It's no secret our Dakotas don't offer the income opportunities available in Minnesota, Wisconsin or other states. It's also no secret that the emergence of fee hunting has placed great strain on the average Joe or Jill and their kids. At the prices charged for pheasant hunting in SD, for example, well, there just aren't many residents who can afford it. And that's the crux of the argument against non-residents. There is a widespread perception that they are the problem. And, they are, at least a small portion of them. But how do you deal with that small portion without impacting the much larger faction of non-residents, who also happen to be average Joes or Jills?

And to be truthful, fee hunting on that large scale revolves around...pheasant hunting, not ducks. Capping non-residents may well increase quality of hunting. But, it won't solve the problem. South Dakota allows fewer non-resident waterfowl hunters than North Dakota, and at one time, had a complete ban on visiting hunters. So, South Dakota capped WATERFOWL hunters, North Dakota is considering capping WATERFOWL hunters and the problem in both states revolves around PHEASANT hunters. I believe you were referring to the Cannonball Company, were you not?

South Dakota's ban on non-resident waterfowl hunting didn't stop land-leasing, it just changed the players. The same amount of land was leased by wealthier residents. Commercial waterfowl hunting became established long after the ban, especially alonag the Missouri River where it's still difficult to find a place to hunt geese. And historically, most of the land is controlled either by landowners there, by "clubs" or by wealthier resident hunters.

Did a ban on visitors restore quality hunting?
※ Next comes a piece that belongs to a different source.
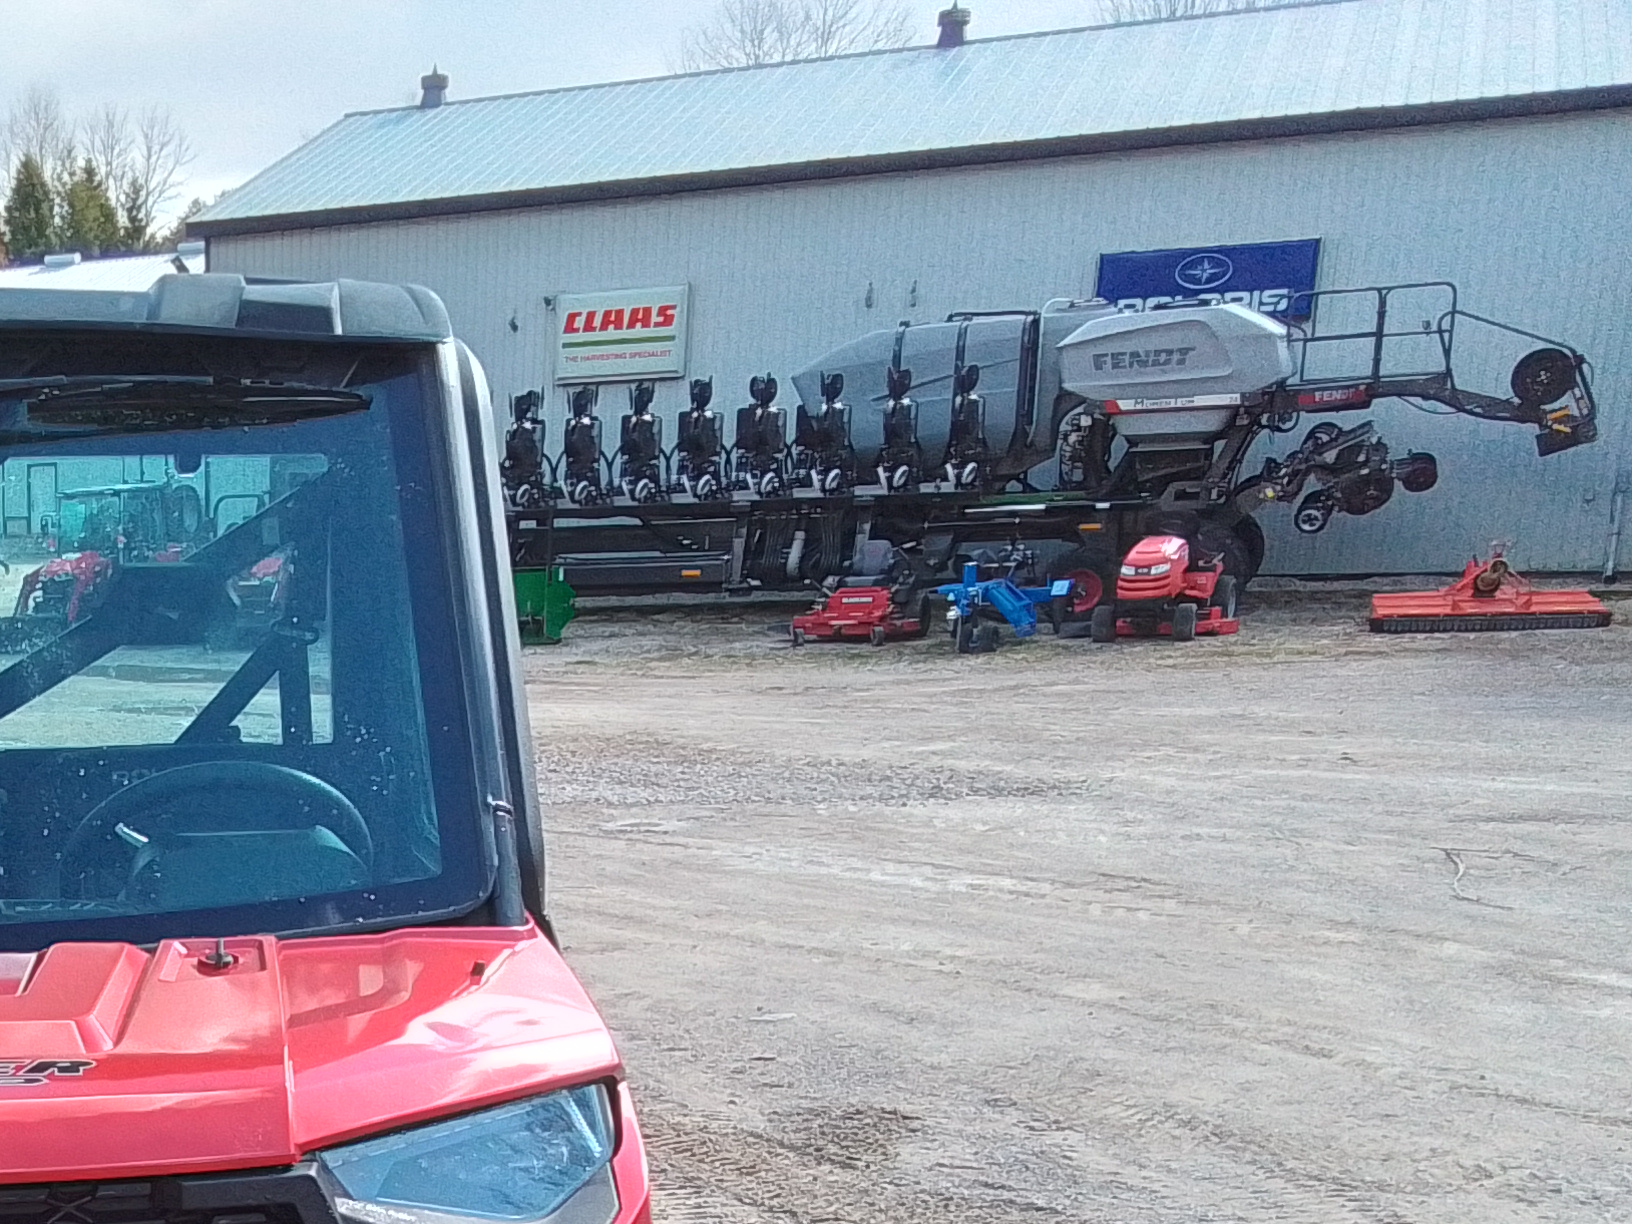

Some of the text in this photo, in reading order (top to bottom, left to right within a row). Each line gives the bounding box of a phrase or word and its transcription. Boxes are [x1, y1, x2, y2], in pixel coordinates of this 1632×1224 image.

[563, 304, 677, 334] CLAAS
[1092, 347, 1196, 371] FENDT
[1314, 388, 1355, 402] FENDT
Not in my mind. In South Dakota, the traditonal way of scouting, following flocks, obtaining permission and then setting up decoys, doesn't work. That's because most areas frequented by the geese are under tight, commercial control.

Capping non-residents didn't solve that problem. And in order to attempt to solve it, the Game, Fish & Parks Department, acting as the broker, leased land in Hughes County, where I live and where the commmercial hunting is as intense as anywhere in either state. The program has been mildly successful. But, unless I'm mistaken, it's been funding by allowing a few more "private land only" licenses, which moved our state even closer to the agency facilitating commercial operators. Even so, at least local hunters now have some land on which to hunt.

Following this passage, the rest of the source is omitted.